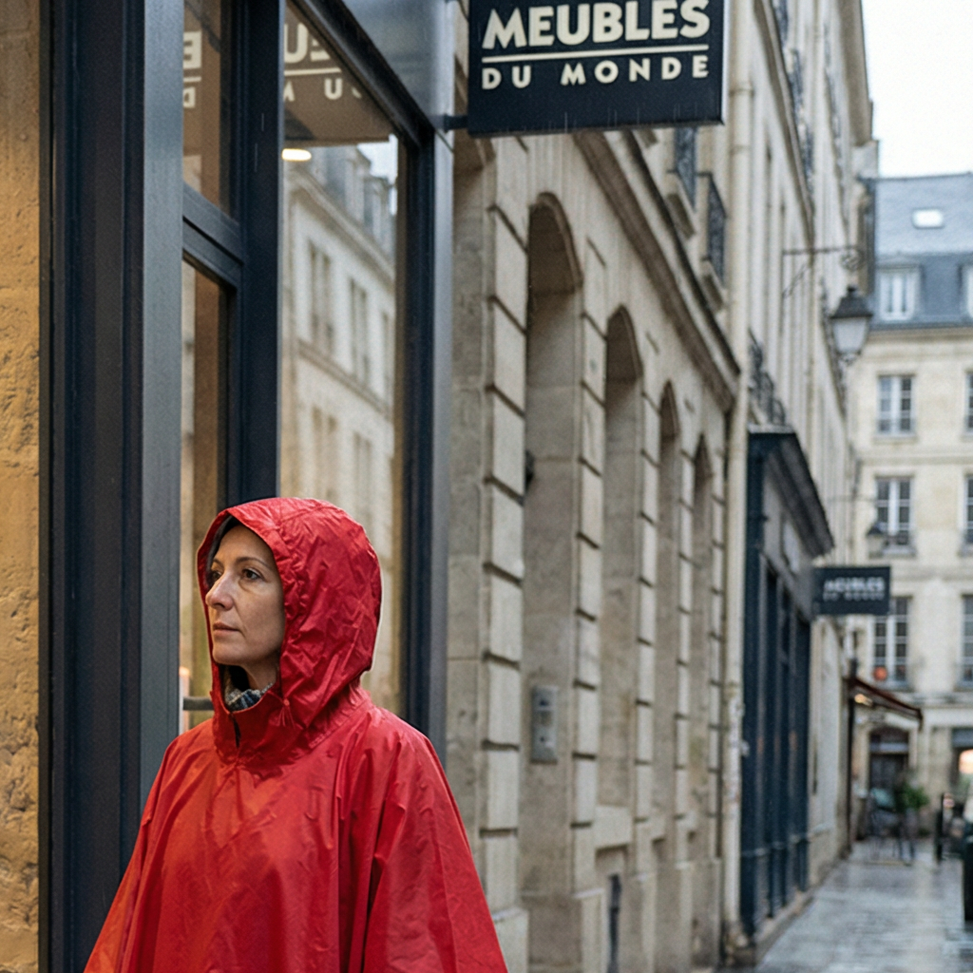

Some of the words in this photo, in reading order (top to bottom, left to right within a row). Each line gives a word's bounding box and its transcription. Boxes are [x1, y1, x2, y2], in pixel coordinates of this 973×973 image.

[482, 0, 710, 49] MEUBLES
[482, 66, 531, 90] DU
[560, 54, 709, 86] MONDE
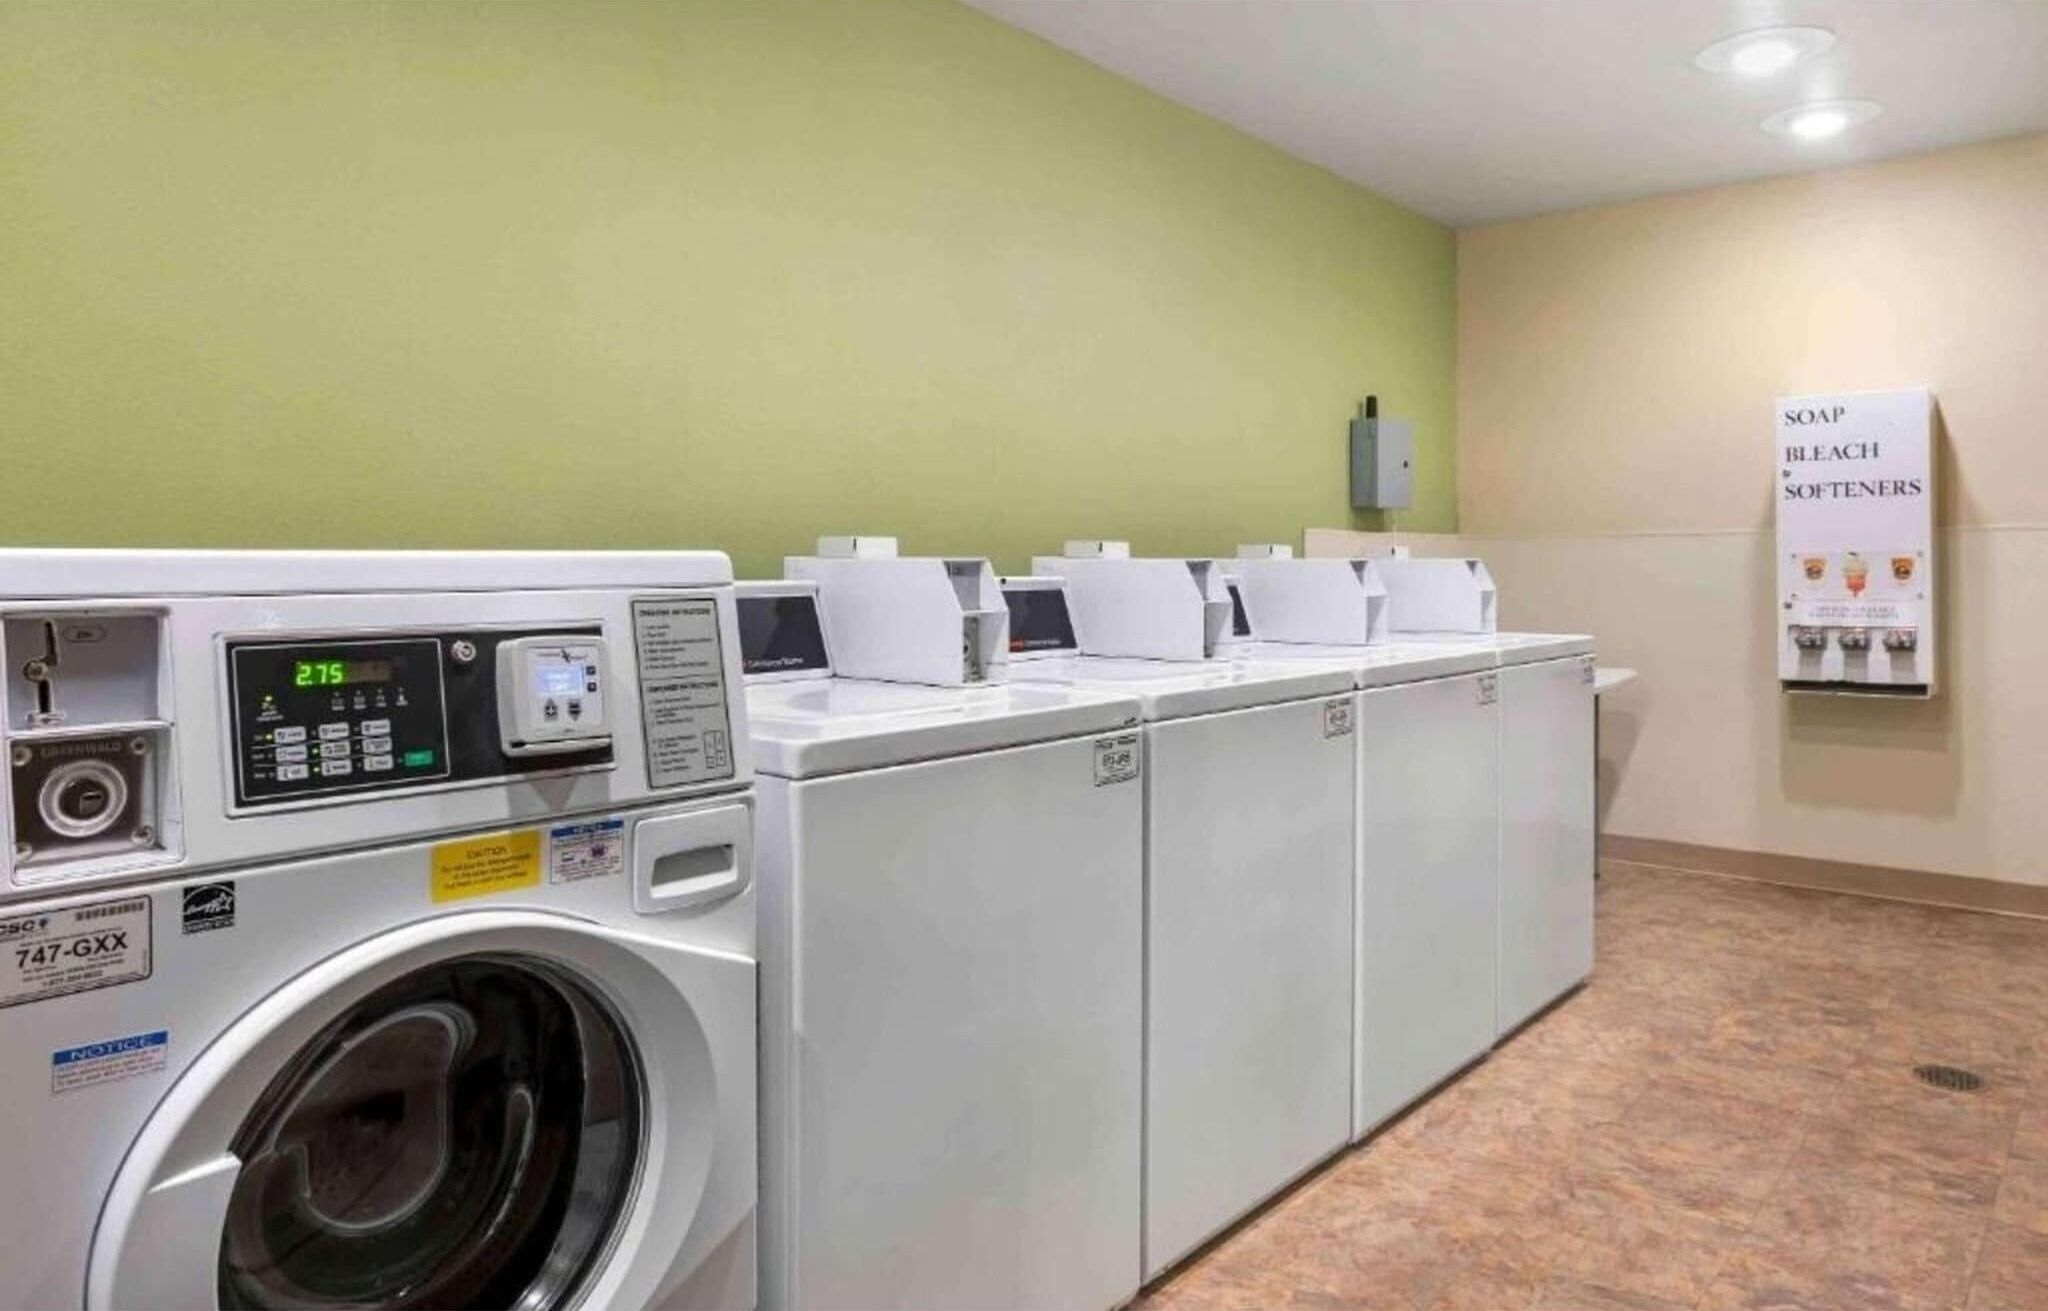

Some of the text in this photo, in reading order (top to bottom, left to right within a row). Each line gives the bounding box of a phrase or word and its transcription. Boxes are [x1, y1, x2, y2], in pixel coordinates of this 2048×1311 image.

» **Prompt**
Everything in the listing above must be restated word for word, except the images.

» **Exercise solution**
Some of the words in this photo, in reading order (top to bottom, left to right within a row). Each line gives a word's bounding box and its transcription. Boxes are [x1, y1, x2, y2], in pixel coordinates of this 973×973 image.

[482, 0, 710, 49] MEUBLES
[482, 66, 531, 90] DU
[560, 54, 709, 86] MONDE

Some of the text in this photo, in reading order (top to bottom, left to right within a row). Each line gives the bounding box of a phrase or word and its transcription. Boxes are [x1, y1, x2, y2], in pixel coordinates of this 2048×1311 image.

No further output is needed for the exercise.